In an embarrassment to the Jayalalithaa Government, senior counsel P P Rao on Wednesday stated in the Supreme Court that the controversial amendment to the State`s School Education Act was "unnecessary" and ill-advised.

New Delhi: In an embarrassment to the
Jayalalithaa Government, senior counsel P P Rao on Wednesday stated
in the Supreme Court that the controversial amendment to the
State`s School Education Act for scrapping the curriculum
approved by the previous DMK regime was "unnecessary" and
ill-advised.
Rao, who is appearing for the State, told the apex
court that the amendment was brought in on the basis of wrong
legal opinion which has now landed the Government in trouble.

"Yes, I agree sound, bold and independent legal
opinion was not given that the amendment was not necessary.

"It is true by doing an unnecessary thing we have
landed ourselves in unnecessary trouble," Rao told a three-
judge bench hearing the validity of the amendment to the Tamil
Nadu Uniform System of School Education Act, 2010.

Rao made the submission in response to queries made by
the bench of J M Panchal, Deepak Verma and B S Chauhan as to
what was the need for the amendment when the Madras High Court
had already given the State a year`s time to implement the Act
formulated by the erstwhile DMK Government.

However, the counsel at the conclusion of the day-long
hearing told the bench that the views expressed by him were
"personal" and claimed that the media was distorting his
observation as being that of the State Government.
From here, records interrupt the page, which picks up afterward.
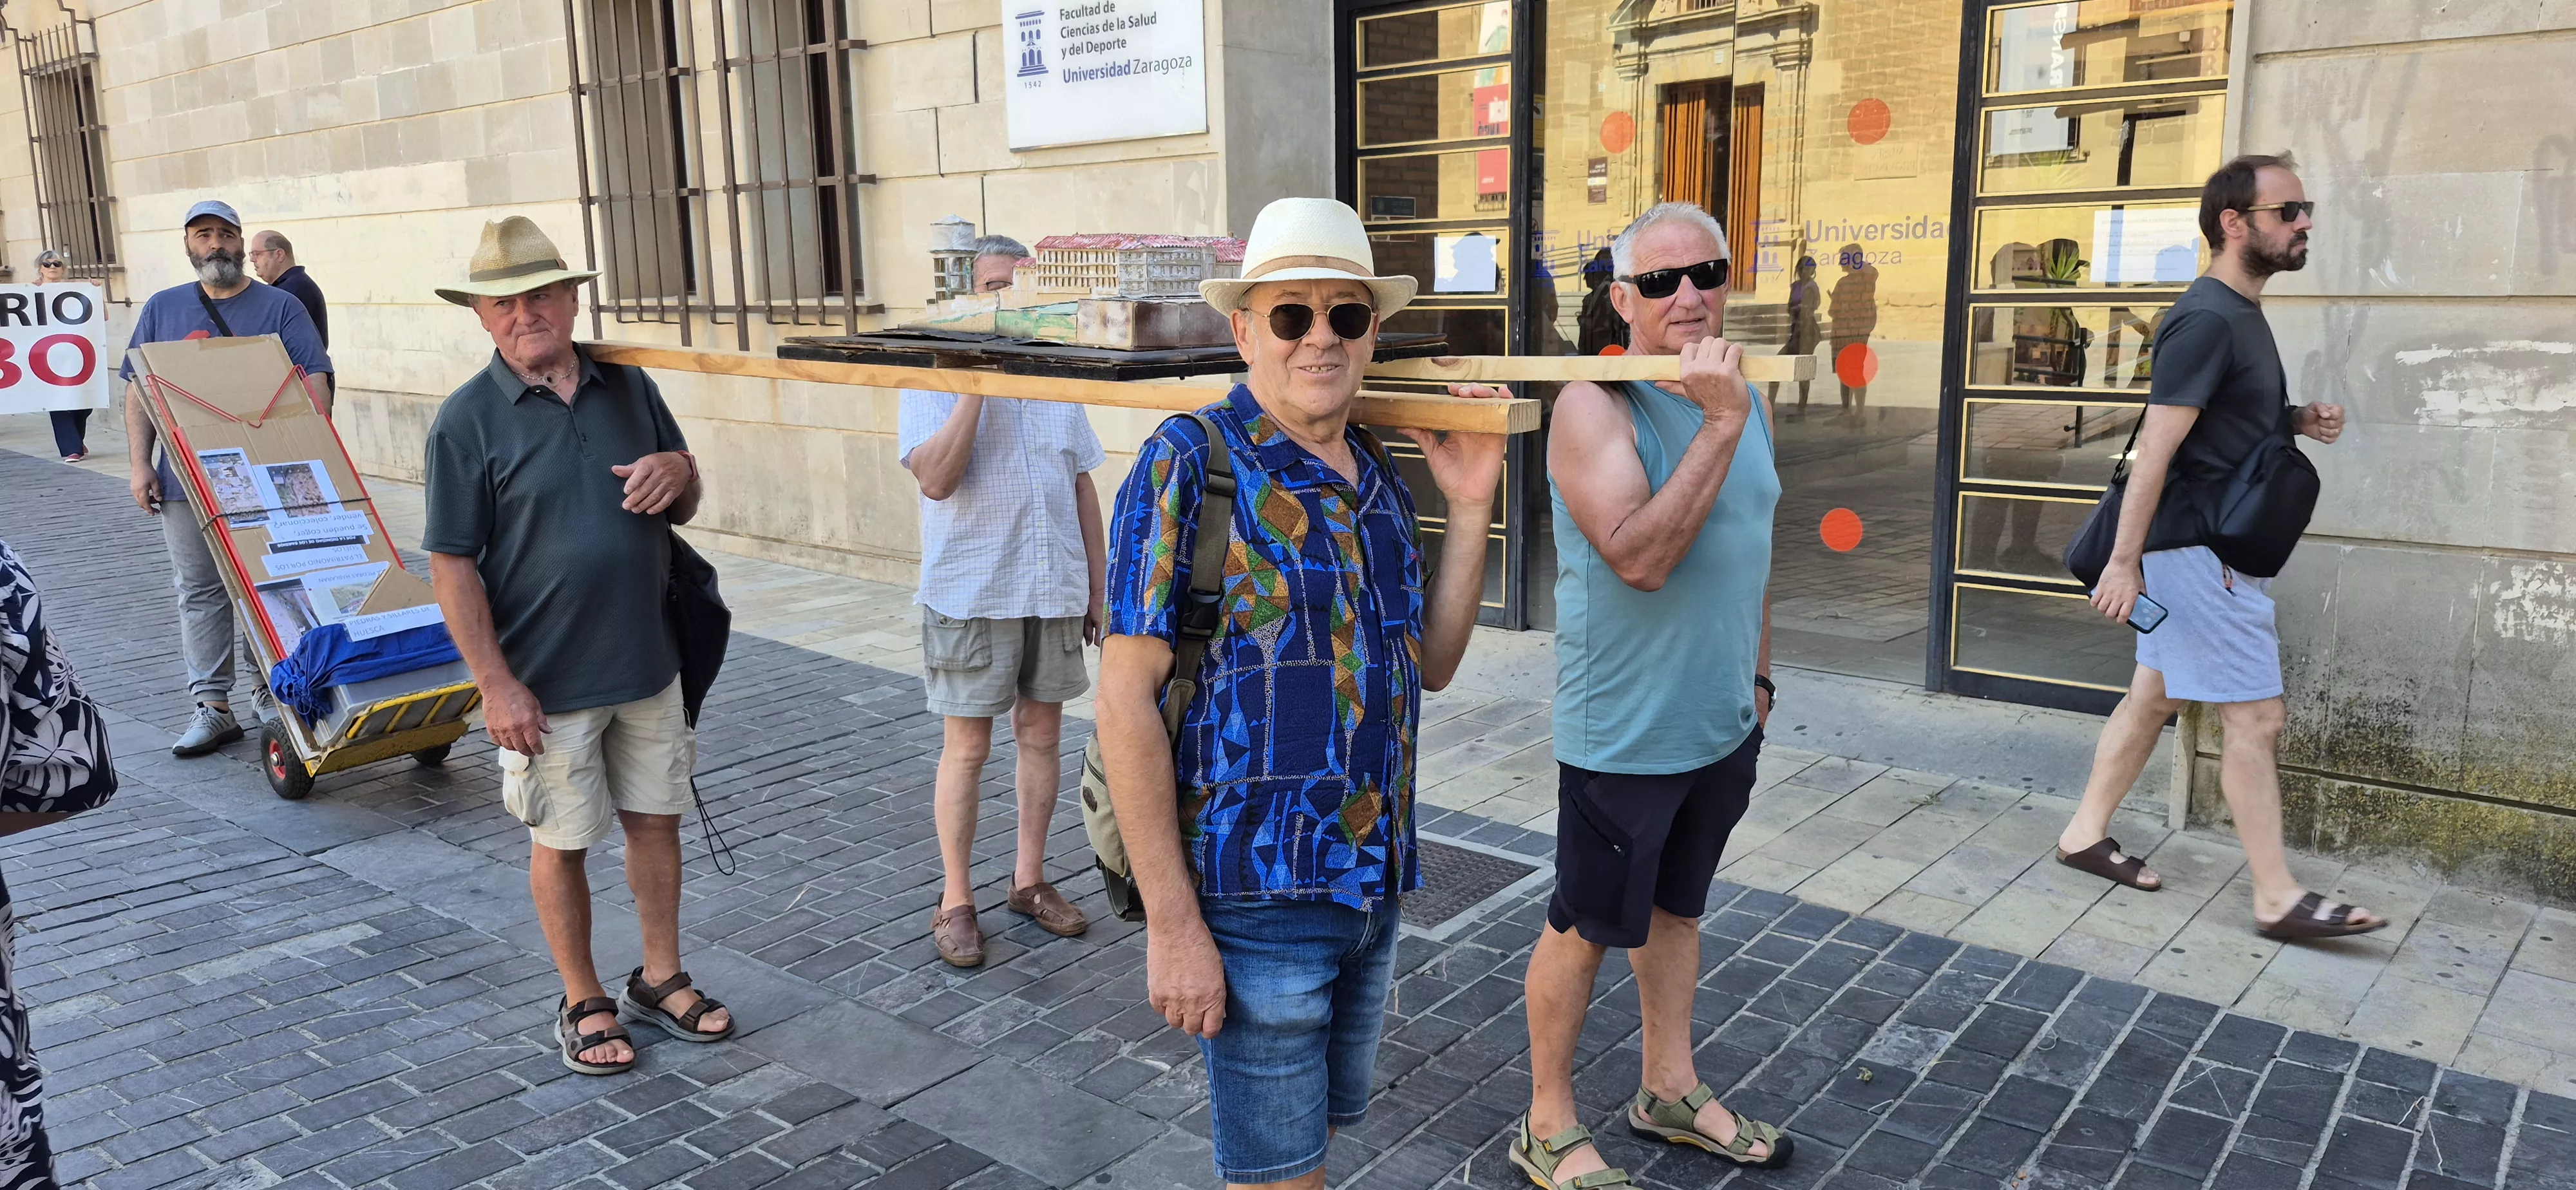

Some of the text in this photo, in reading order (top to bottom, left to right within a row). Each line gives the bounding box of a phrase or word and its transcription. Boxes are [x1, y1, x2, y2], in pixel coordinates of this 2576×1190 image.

[1059, 1, 1115, 21] Facultad de
[1061, 12, 1157, 39] Ciencias de la Salud
[1061, 39, 1127, 60] y del Deporte
[1063, 55, 1193, 84] Universidad Zaragoza
[1024, 80, 1042, 89] 1542
[1805, 215, 1949, 243] Universida
[1804, 249, 1902, 270] Zaragoza
[274, 513, 363, 529] vender, coleccionar?
[323, 524, 355, 534] pueden
[294, 528, 321, 536] coger,
[308, 555, 354, 565] PATRIMONIO
[349, 614, 381, 626] PIEDRAS
[388, 607, 420, 619] SILLARES
[354, 625, 385, 637] HUESCA
Senior counsel A Sundaram appearing for some of the
schools submitted that the power to legislate or carry out the
amendments was the prerogative of the Legislature and courts
cannot and should not interfere in the matters unless it
violated the Constitution.
The arguments would continue tomorrow.

On July 21, the apex court had refused to stay the
Madras High Court order quashing the amendment and had asked
the state government to distribute over 9 crore text books,
printed as per the course curriculum, approved by the previous
government.

It, however, allowed the government to distribute the
books by August 2, instead of July 22 as fixed by the High
Court.

The AIADMK Government brought in the amendment on the
ground that books printed by the previous DMK Government
lavished praised on the party leaders particularly its MP
and 2G spectrum scam accused Kanimozhi.

The Jayalalithaa government had moved the apex court
challenging the Madras High Court`s order which had struck
down an amendment to the Tamil Nadu Uniform System of School
Education (Amendment) Act, 2011.

The state had challenged the high court`s order on the
ground that it was "illegal and erroneous."
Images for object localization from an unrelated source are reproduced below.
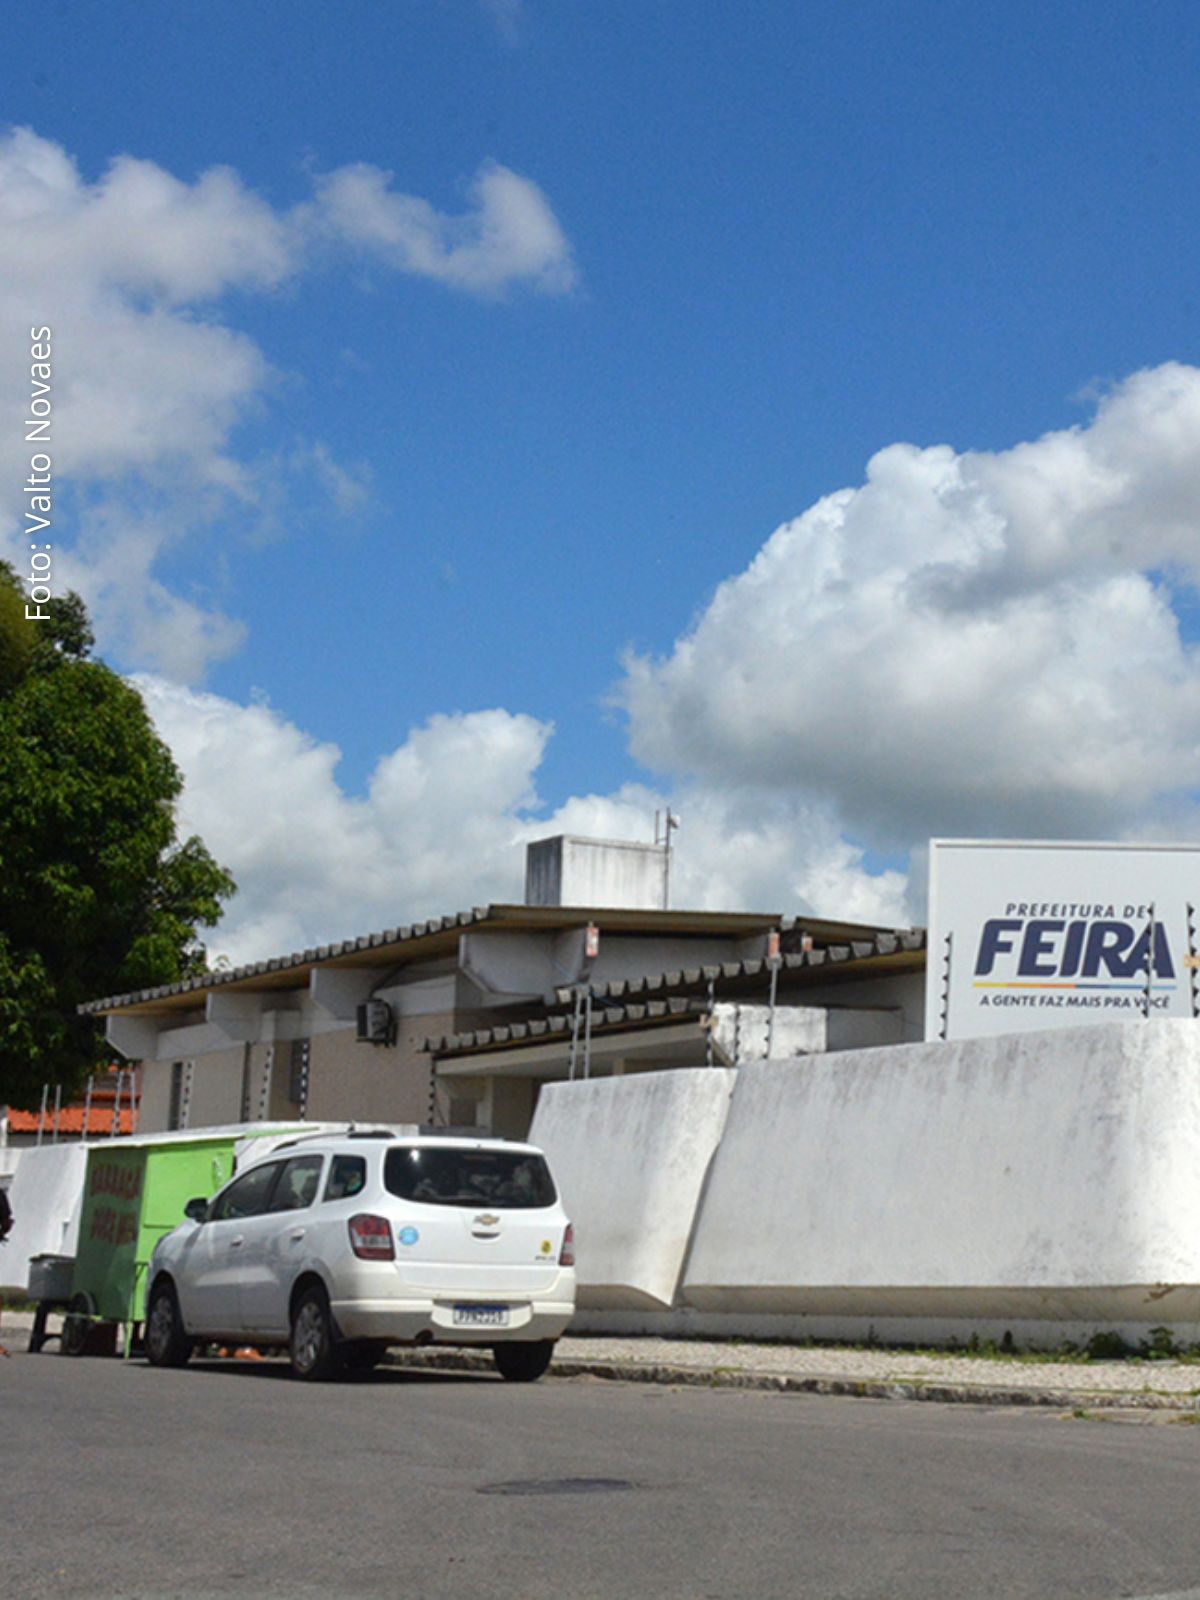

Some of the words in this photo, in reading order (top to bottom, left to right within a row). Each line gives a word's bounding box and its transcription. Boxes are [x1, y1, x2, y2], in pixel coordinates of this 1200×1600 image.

[1005, 903, 1115, 918] PREFEITURA
[1122, 905, 1147, 919] DE
[974, 918, 1176, 978] FEIRA
[979, 995, 990, 1006] A
[992, 995, 1038, 1007] GENTE
[1038, 996, 1065, 1007] FAZ
[1065, 996, 1101, 1008] MAIS
[1104, 997, 1131, 1008] PRA
The high court had also directed the government to
distribute the textbooks printed under the Uniform System of
Education to enable teachers commence classes and to complete
the exercise by July 22.

Tamil Nadu has over 1.2 crore students in four
streams of school education -- 45,000 state board schools,
11,000 matriculation schools, 25 oriental schools and 50
Anglo--Indian schools, all with separate syllabus, textbooks
and schemes of examinations.

`Samacheer Kalvi` scheme, aimed at bringing about
uniform education, was shelved by Jayalalithaa in one of her
first acts since returning to power of reversing several pet
schemes of the Karunanidhi government regime.